Scorsese, the son of Italian immigrants, began his career on the streets of Little Italy where he was surrounded by the intense, violent Italian-American underworld of the 1950s and '60s that would eventually fascinate him. Hoping to enter the priesthood but lacking the grades to attend a respectable seminary, Scorsese found himself at New York University. There, he studied film history under the renowned producer Haig P. Manoogian, and the rest is history.
Who's That Knocking at my Door? was originally Scorsese's thesis project at NYU. Over the course of half a decade, the semi-autobiographical film set in Little Italy was meticulously expanded, until it eventually ended up at the Chicago International Film Festival and was noticed by Roger Ebert and other critics. After this early success, Scorsese would soon ascend the ranks of Hollywood to become one of its most highly-regarded filmmakers.
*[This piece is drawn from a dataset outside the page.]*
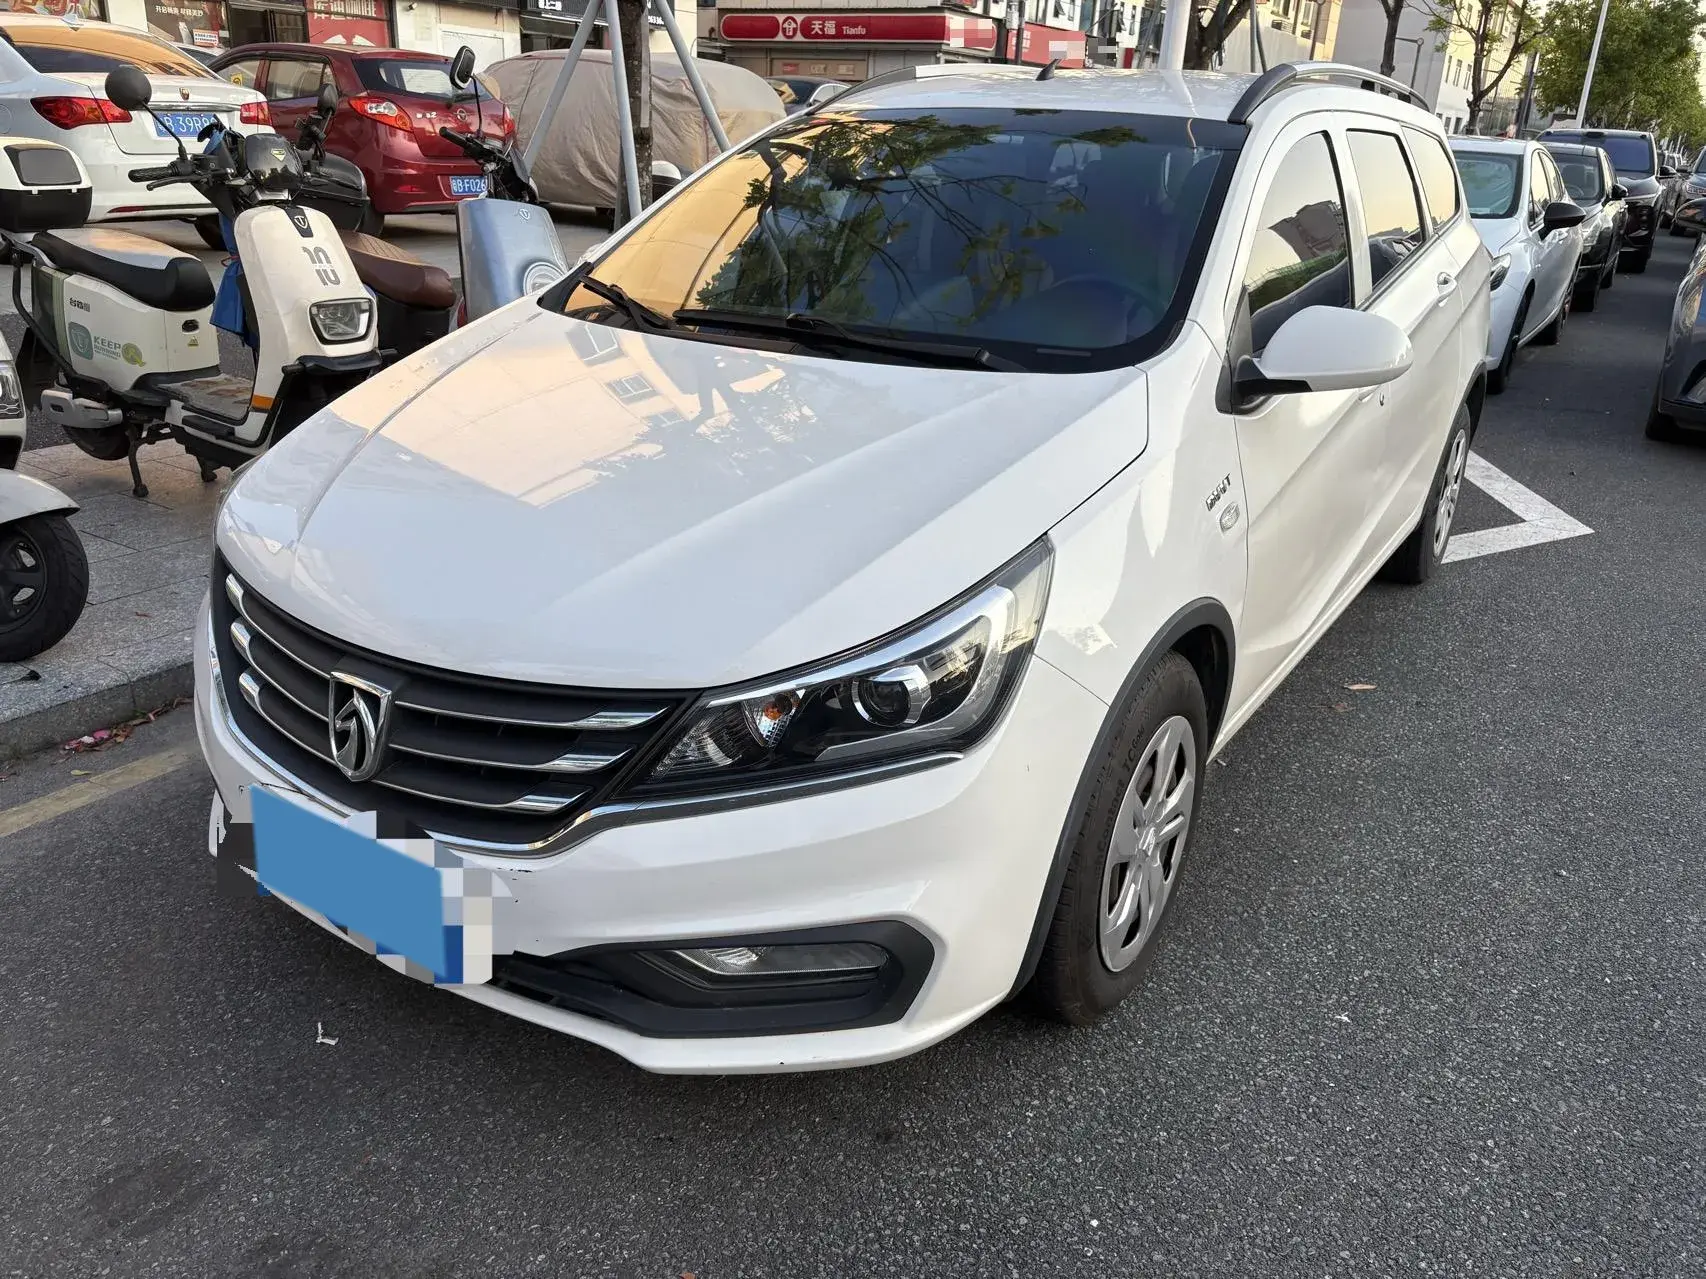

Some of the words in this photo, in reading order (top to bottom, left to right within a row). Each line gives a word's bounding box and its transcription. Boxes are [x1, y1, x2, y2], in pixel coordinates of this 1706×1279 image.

The collection continues tracking Scorsese's career with Mean Streets, a 1973 mobster film also set in Little Italy. Scorsese's first collaboration with Robert De Niro, Mean Streets follows several first-generation Italian-Americans involved with the local mob. For Scorsese, Mean Streets was also somewhat autobiographical-its characters were composites of the criminals and gangsters of his childhood.
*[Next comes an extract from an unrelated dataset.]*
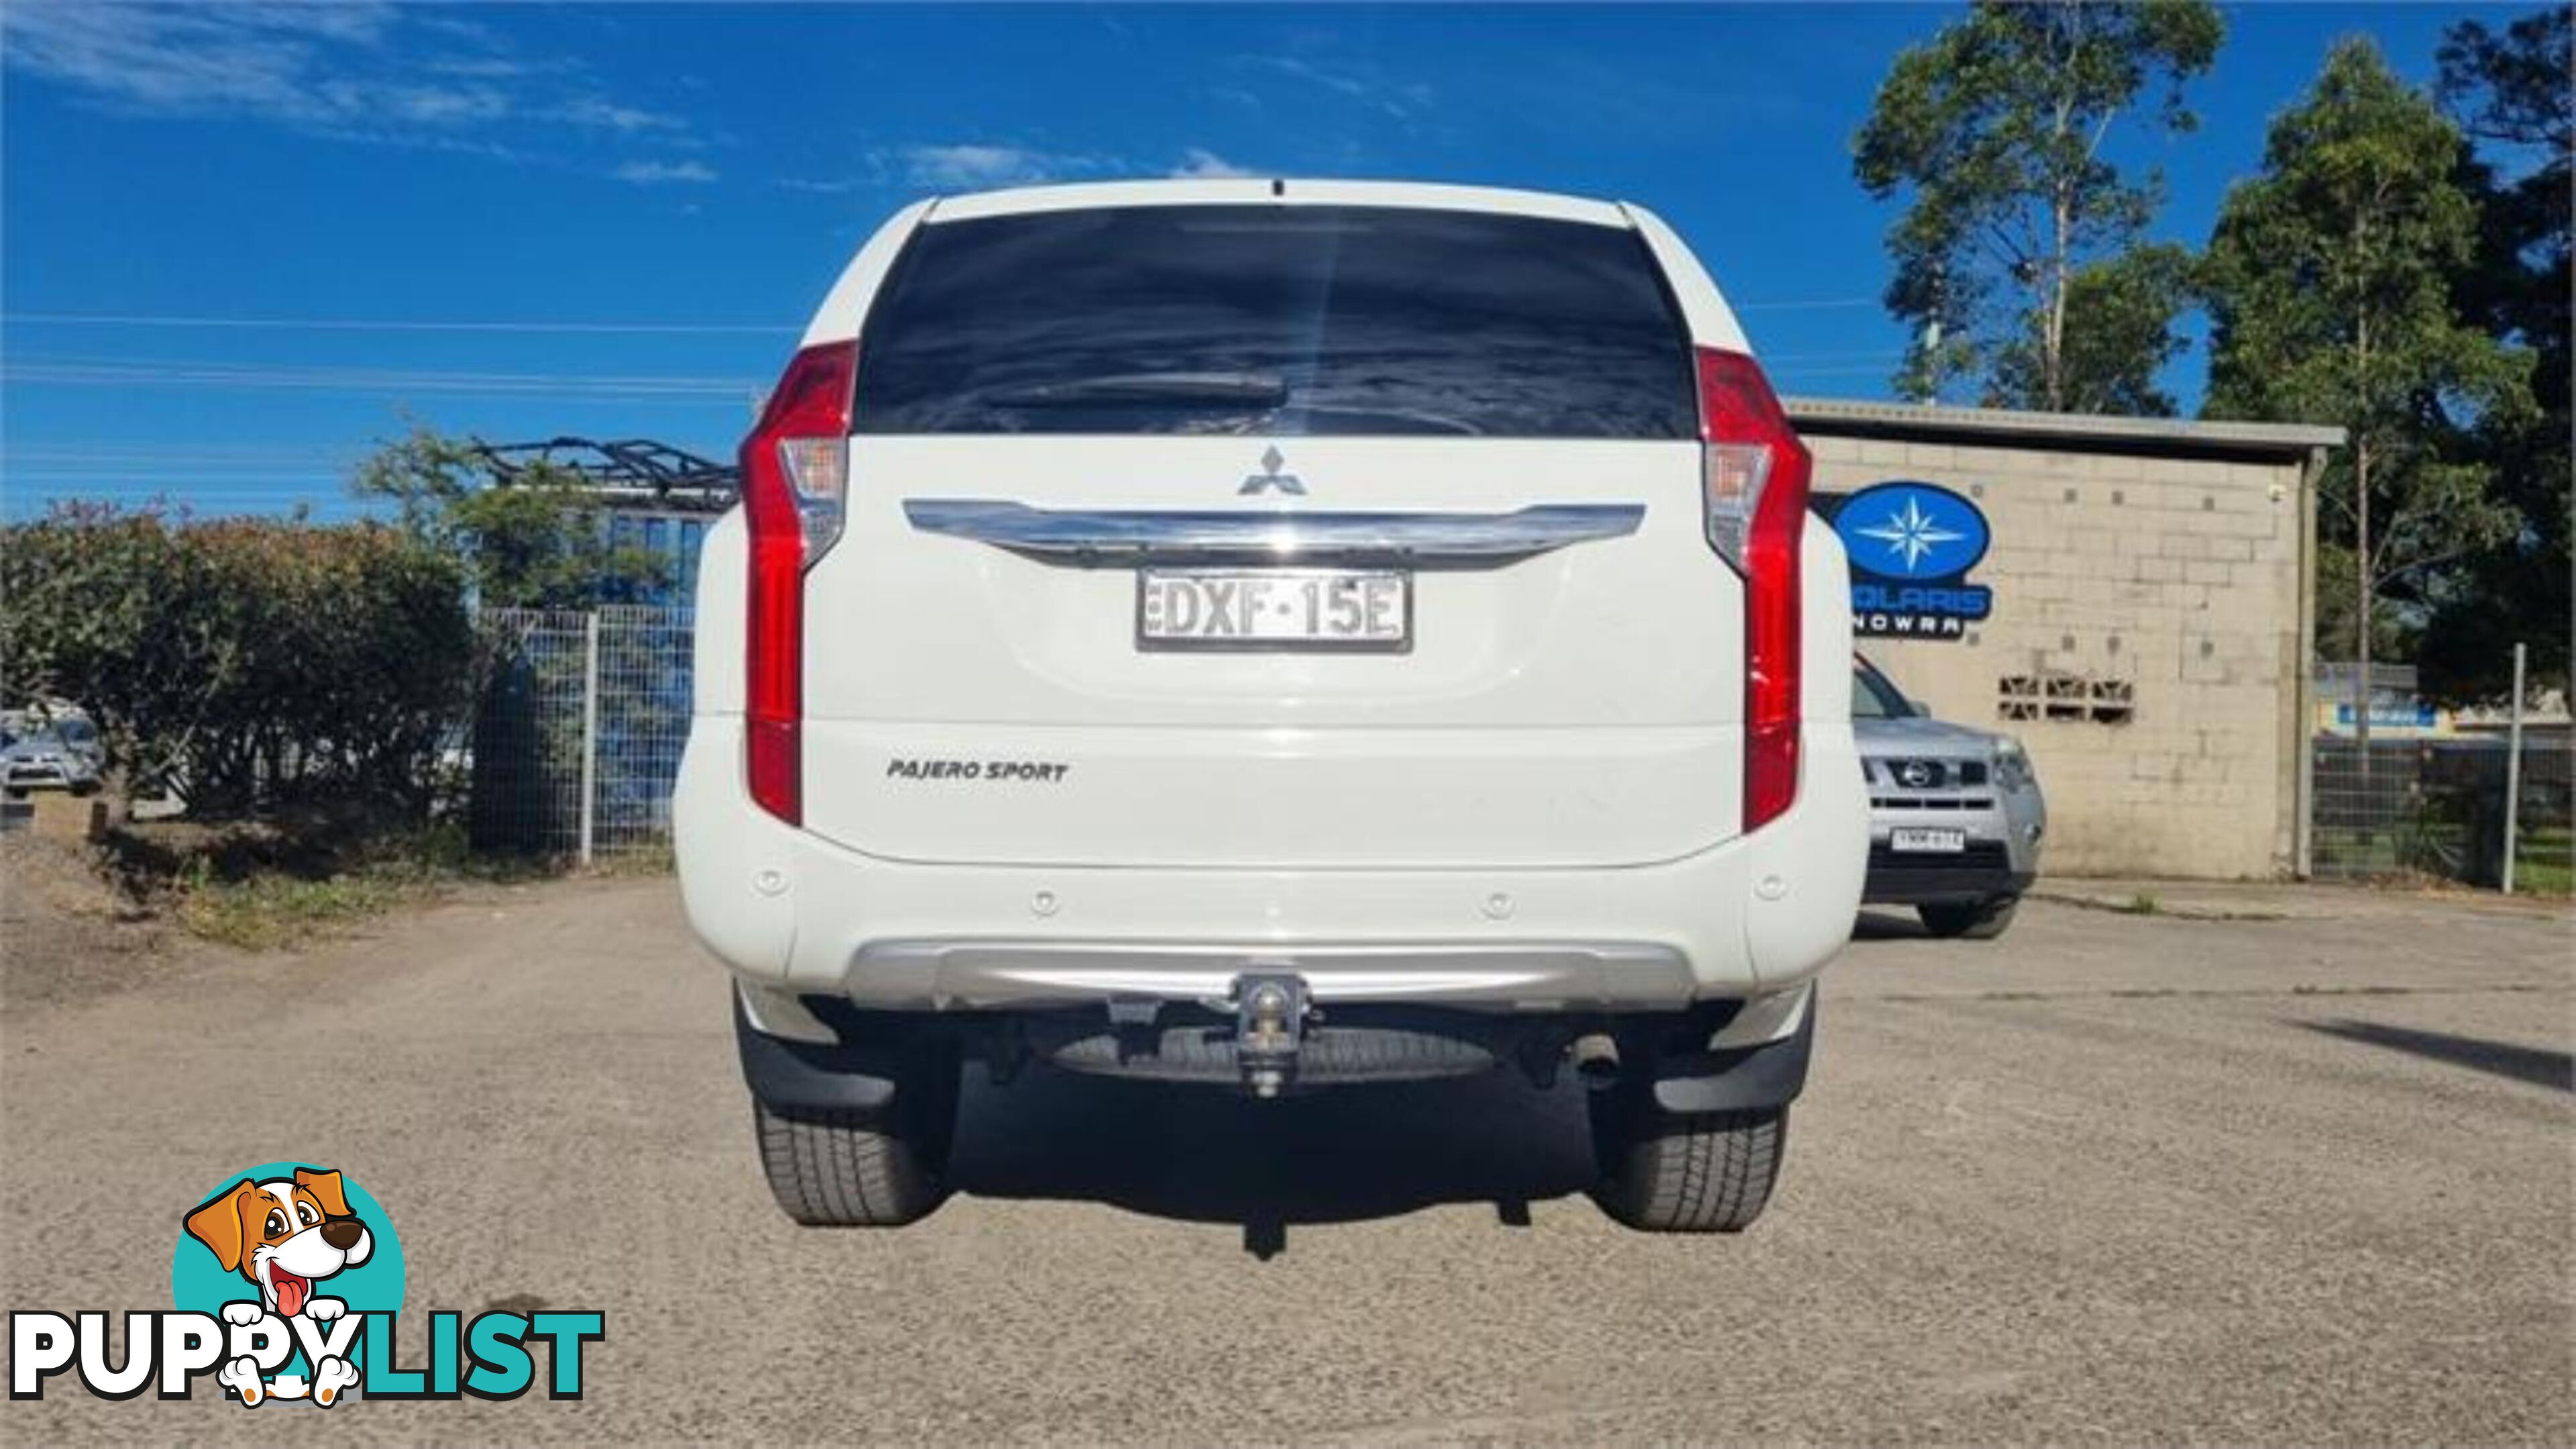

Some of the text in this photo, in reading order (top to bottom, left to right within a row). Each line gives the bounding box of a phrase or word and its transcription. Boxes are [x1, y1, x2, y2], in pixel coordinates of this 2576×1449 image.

When actress Ellen Burstyn saw Mean Streets a year after its release, she immediately asked Scorsese to direct her in Alice Doesn't Live Here Anymore, a story of a young widow discovering her own independence. Not only is it the only film in The Martin Scorsese Collection not set around the New York area, it is the only one starring a woman in a central role. In a behind-the-scenes documentary on the DVD, Burstyn recalls asking Scorsese about his ability to tell a story from a woman's point of view: She asked him if he understood women well enough to do it. His reply, honest and blunt, was, "No, but I'd like to learn."
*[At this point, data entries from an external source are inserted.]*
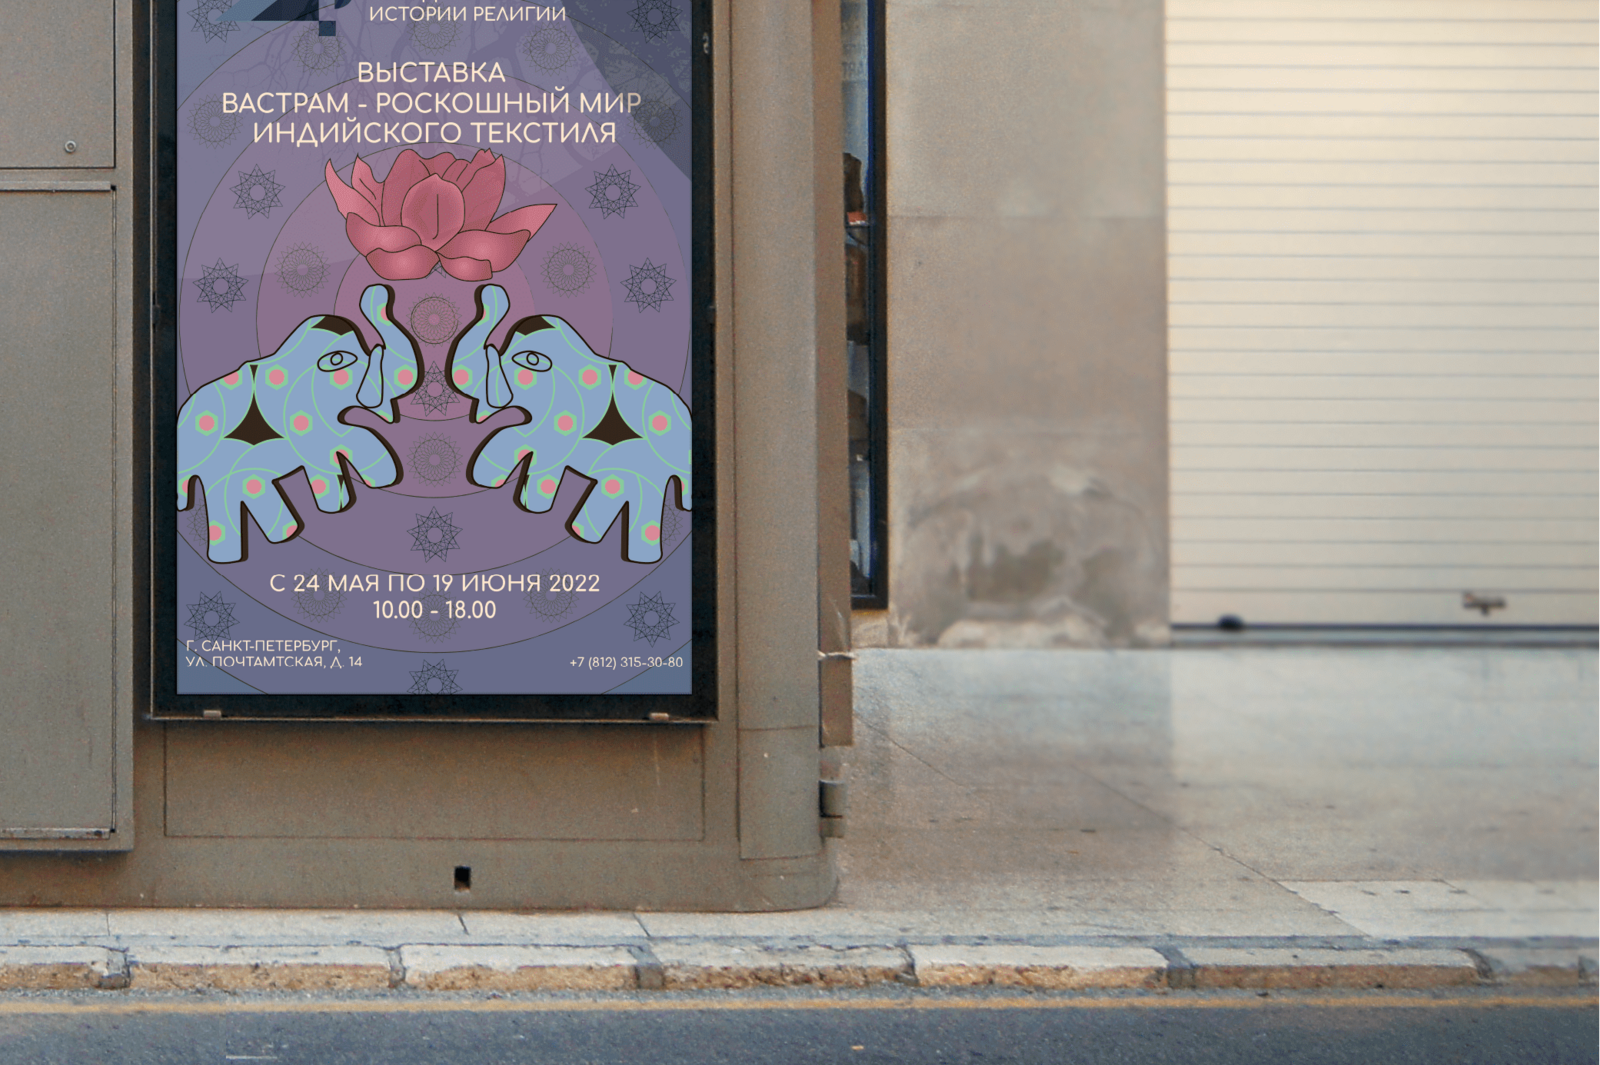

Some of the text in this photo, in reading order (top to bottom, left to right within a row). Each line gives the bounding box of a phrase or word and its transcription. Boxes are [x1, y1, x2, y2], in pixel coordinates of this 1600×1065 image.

[369, 5, 566, 22] ИСТОРИИ РЕЛИГИИ
[358, 61, 506, 83] ВЫСТАВКА
[222, 91, 349, 114] ВАСТРАМ
[376, 85, 570, 114] РОСКОШНЫЙ
[580, 92, 641, 114] МИР
[253, 116, 616, 148] ИНДИЙСКОГО ТЕКСТИЛЯ
[269, 573, 600, 593] С 24 МАЯ ПО 19 ИЮНЯ 2022
[373, 599, 423, 619] 10.00
[445, 599, 497, 619] 18.00
[186, 639, 341, 654] Г. САНКТ-ПЕТЕРБУРГ,
[212, 655, 327, 669] ПОЧТАМТСКАЯ,
[348, 655, 363, 667] 14
[569, 656, 684, 671] +7 (812) 315-30-80
The DVD set concludes with Goodfellas-perhaps the strongest of his mob films-which, like Mean Streets, follows the rise and fall of a mobster. Unlike The Godfather, Goodfellas explores the life of an average Italian-American fellow who, like Scorsese, grows up surrounded by the mob. Scorsese himself might have shared the fate of the film's protagonist Henry Hill (Ray Liotta) had childhood asthma not deterred him from the thuggish lifestyle of his friends and neighbors.
Unlike the rest of the set, Goodfellas includes an entire bonus disc filled with documentaries and additional features about the film. In addition to the director's insights, the DVD includes a commentary on the actual mafia by the mobster-turned-informant Henry Hill and former FBI agent Edward McDonald. Both of these features, as well as the commentaries on all of the other DVDs, are selected commentaries rather than full, running tracks-the speakers only talk about certain sections of each film, and the scenes not discussed are skipped when the commentary track is activated. In a way, this feature avoids the all-too-common trap of anecdotal banality-the tracks are consistently interesting.
This DVD set is one of the most impressive that I have ever seen. It effectively explores the scope of a Scorsese's career in a way that the films could not individually do.
Although Scorsese did not win an Oscar last month for The Aviator, this DVD set helps to clarify why Scorsese is considered not only one of the important directors of the '70s, but one of the most significant American filmmakers in the history of the medium.